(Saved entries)
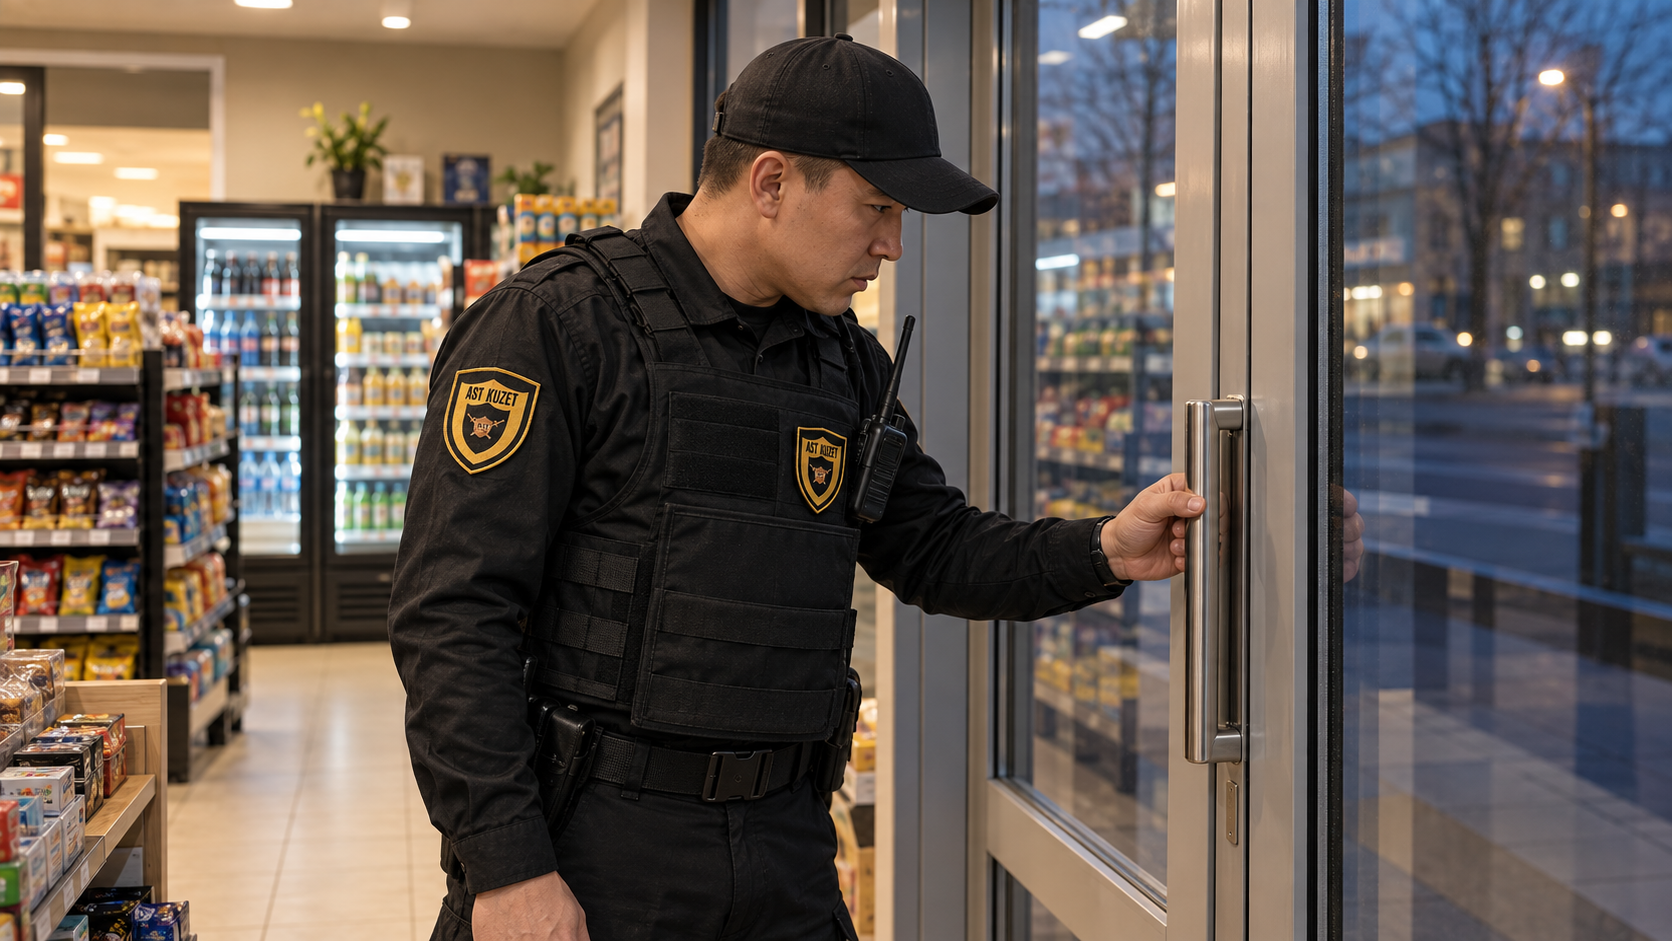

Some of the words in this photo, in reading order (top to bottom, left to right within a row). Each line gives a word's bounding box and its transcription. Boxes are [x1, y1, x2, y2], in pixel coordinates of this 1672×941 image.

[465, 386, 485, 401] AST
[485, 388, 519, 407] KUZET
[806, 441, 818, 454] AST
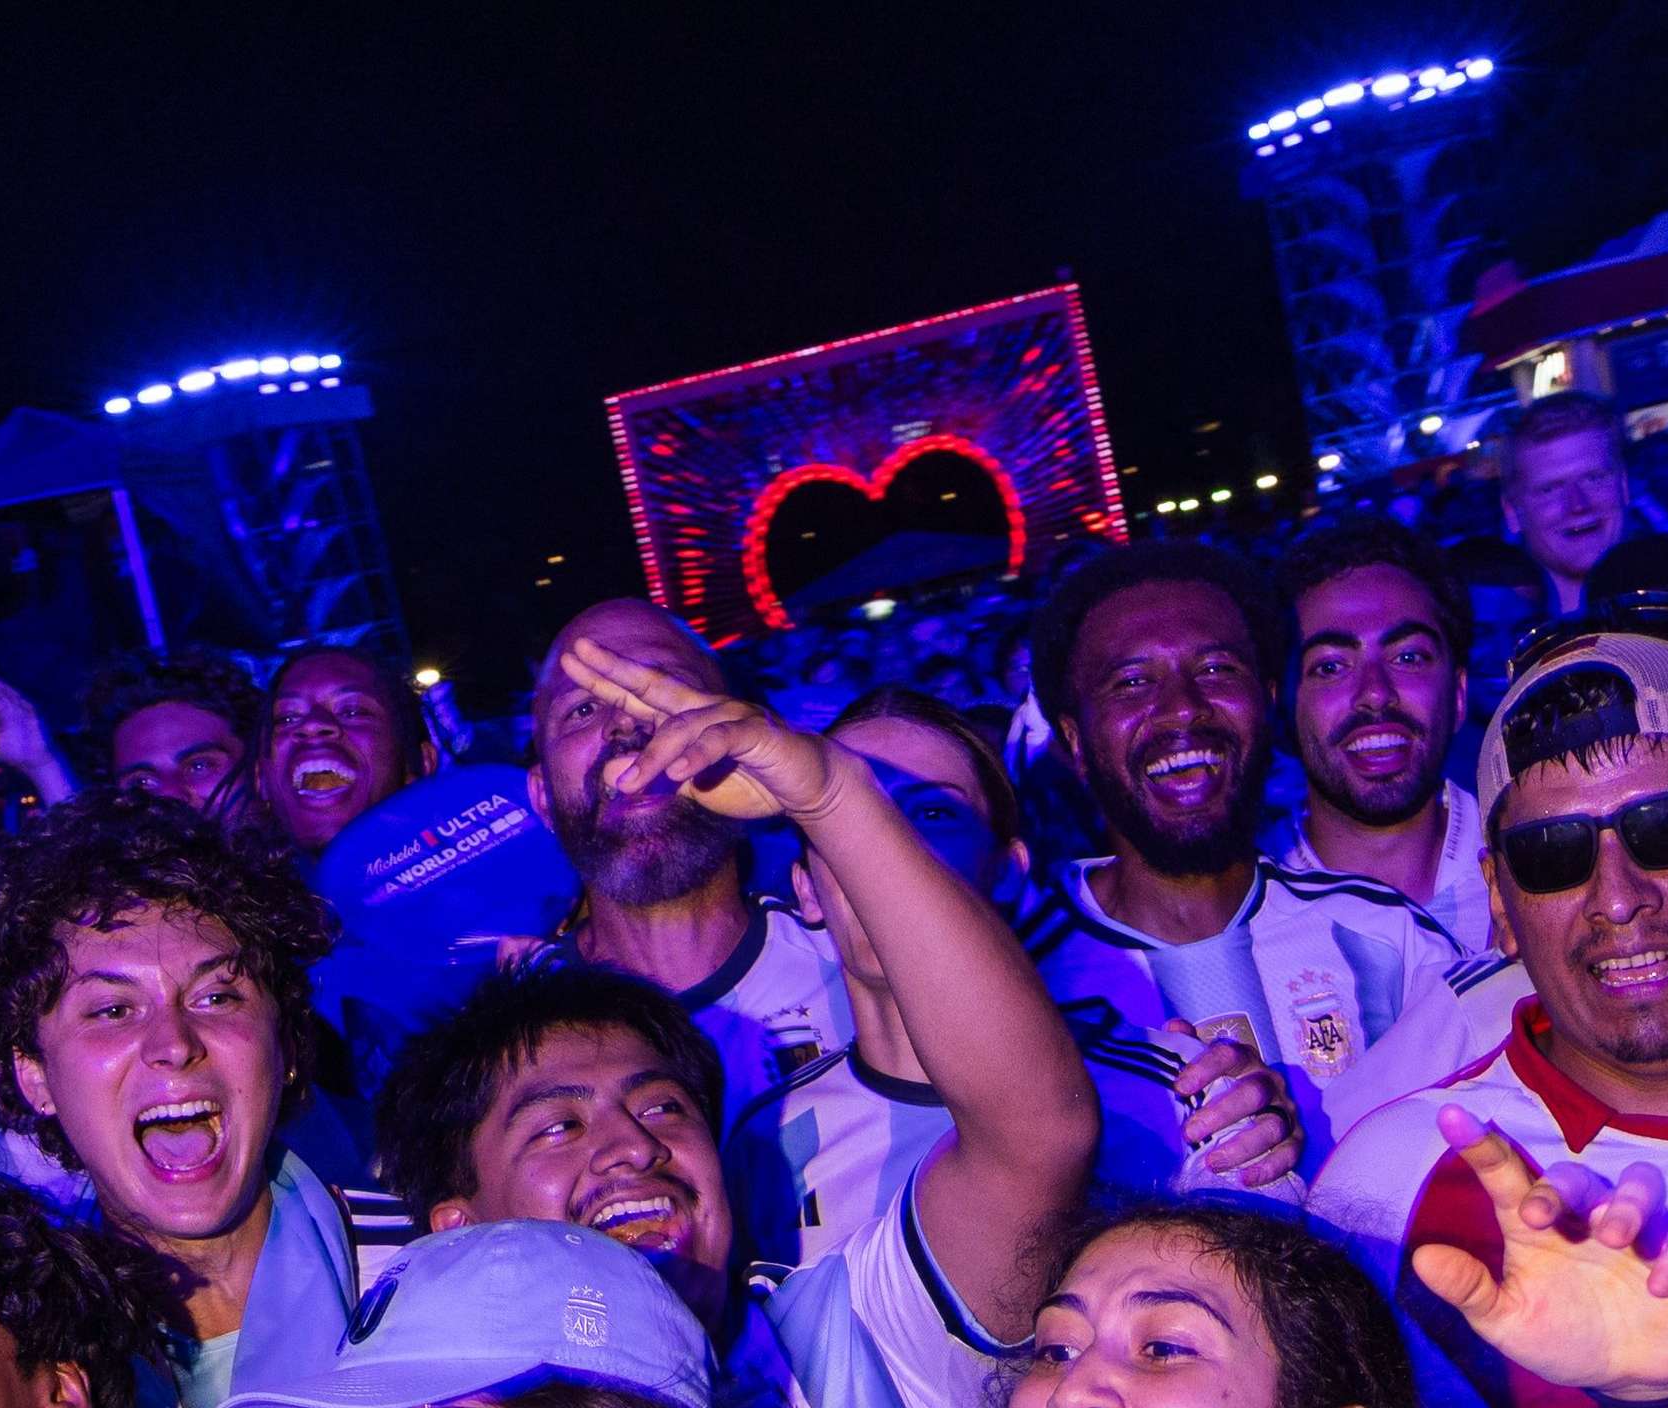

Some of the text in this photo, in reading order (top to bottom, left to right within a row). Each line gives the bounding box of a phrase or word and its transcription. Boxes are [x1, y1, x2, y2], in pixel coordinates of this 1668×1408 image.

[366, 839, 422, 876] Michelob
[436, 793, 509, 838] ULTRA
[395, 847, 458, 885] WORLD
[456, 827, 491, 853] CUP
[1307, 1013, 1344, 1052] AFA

What the task requires: Could you give all the records again, exactly, minus the pictures?

Your solution:
Some of the words in this photo, in reading order (top to bottom, left to right within a row). Each line gives a word's bounding box and its transcription. Boxes are [x1, y1, x2, y2], in pixel coordinates of this 1672×941 image.

[465, 386, 485, 401] AST
[485, 388, 519, 407] KUZET
[806, 441, 818, 454] AST

Some of the text in this photo, in reading order (top to bottom, left to right within a row). Each line gives the bounding box of a phrase or word and its transcription. Boxes are [x1, y1, x2, y2], in pixel coordinates of this 1668×1408 image.

[366, 839, 422, 876] Michelob
[436, 793, 509, 838] ULTRA
[395, 847, 458, 885] WORLD
[456, 827, 491, 853] CUP
[1307, 1013, 1344, 1052] AFA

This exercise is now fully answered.